The Lafayette City-Parish Council is considering its options on the future of LUS.
Tonight, the council tried to force Mayor-President Joel Robideaux for his position on what should happen.
As we’ve been reporting, in April, Mayor-President Robideaux signed a non-binding letter of intent with The Bernhard Group, now also known as NextGen, to begin negotiations for that company to take over management of LUS.
Robideaux signed that letter without telling members of the council and since it became public, other companies,like Entergy and CLECO, have also expressed interest in managing the public-owned utility.
But now, the council wants clarity from Robideaux.
Councilman Bruce Conque proposed a resolution, requesting that the mayor-president take a stance on whether LCG should move forward with third party management of LUS.
The resolution passed unanimously, but Robideaux left the meeting early without making a statement and his spokeswoman said he was unavailable for comment.
Conque disputes that LUS needs third party management to make those necessary improvements.
“We need to have some indication from the mayor-president as to whether or not he wants to pursue third party management of LUS. If so, then I strongly suggest that he open up the process to all interested parties. If not, then let’s move on,” said Conque. “There is nothing in the NextGen proposal that cannot be accomplished through the efforts of an administrator that is skilled and experienced. And we can find that individual if we are willing to pay the price that it would take to get that person into Lafayette.”
All public comments were in opposition to giving up management of the city-owned utility.
“Why would you want to give away the management to another third party team?” questioned one speakers.
“Lafayette citizens own LUS. If this proposal advances and is ultimately implemented, it will be in direct defiance of the Citizens of Lafayette,” said another man.

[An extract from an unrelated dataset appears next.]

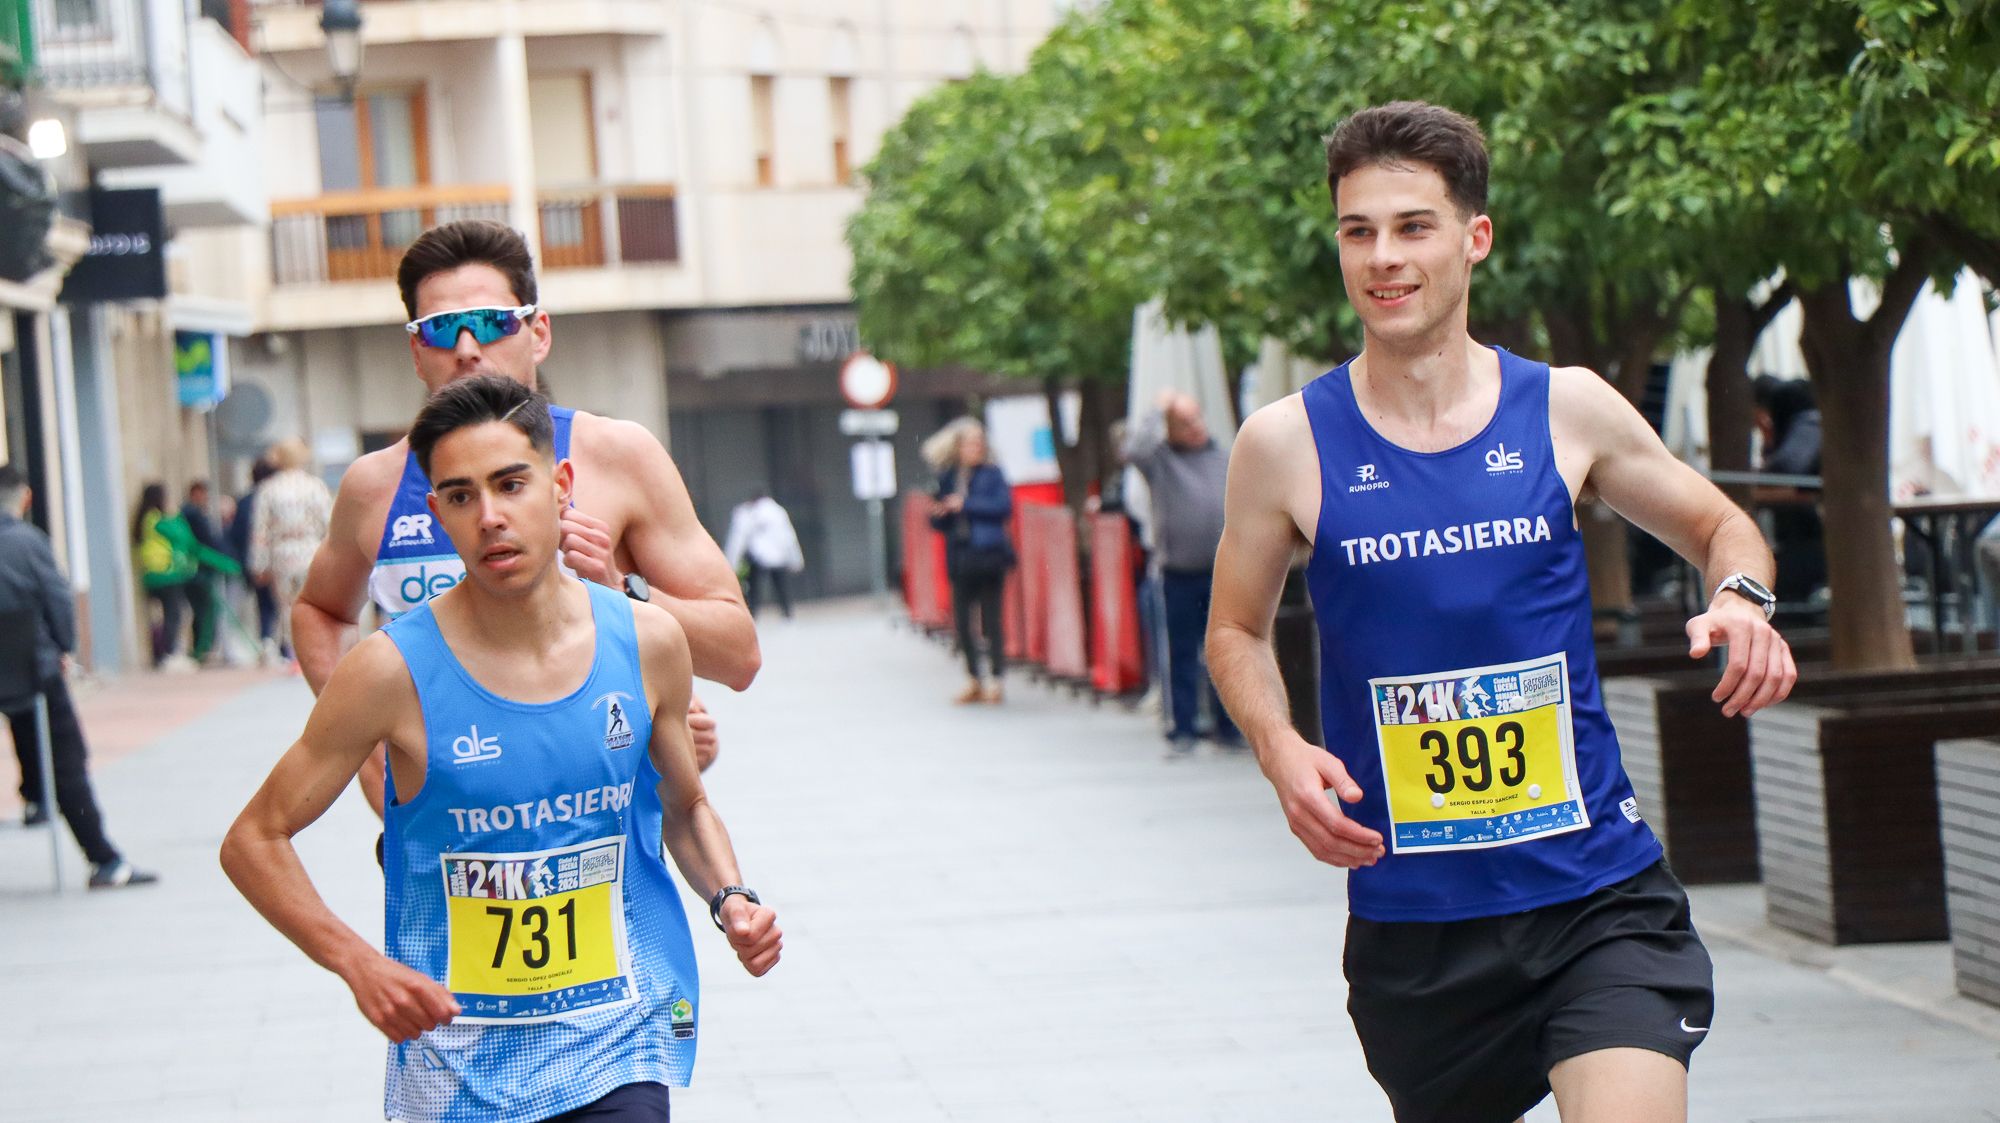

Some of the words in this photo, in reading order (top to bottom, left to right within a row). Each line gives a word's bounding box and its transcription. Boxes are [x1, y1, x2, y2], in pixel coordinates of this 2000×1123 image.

How a potential deal would impact LUS employees is also in question.
“Will civil service employees be allowed to work under a private entity?” Conque asked the civil service director, Adam Marcantel.
“The simple answer is no. When civil service establishes civil service positions, those positions exist in service to Lafayette Consolidated Government,” explained Marcantel.
But Jim Bernhard, the owner of the Bernhard Group pushing for the proposal, disagreed.
“I differ from Mr. Marcantel. The Louisiana Supreme Court in 2003 ruled, unequivocally, that privatization is allowed in conjunction with civil service,” Bernhard stated.
But this brought concerns by Councilwoman Liz Hebert.
“Everyone’s ready to know what’s happening. There’s a lot of rumors out there and not just our constituents, but the employees of LUS. They are scared that they’re going to lose their jobs and that is not right,” Hebert said.
Bernhard interrupted saying, “that’s not right. And no one’s going to lose their jobs.”
Hebert replied as Bernhard attempted to interject, “but the fear of the unknown is there Mr. Bernhard with all due respect. I’m sure you’re a great guy, but they don’t know you.”
“Well some of them do,” he replied.
“There’s a lot of uncertainty about their jobs, the public is nervous. It’s time to move on, whether we put out RFP’s for bid to entertain ideas or we as the LPUA and council say enough is enough, we do not need a third party,” she said.
The debate will continue at the next meeting, where Councilman William Theriot is proposing a resolution stating that LUS will not be considered for sale, lease, outside management or partnership at this time.
He says this is to reassure the Lafayette citizens and let them know where the council members stand on the LUS proposal.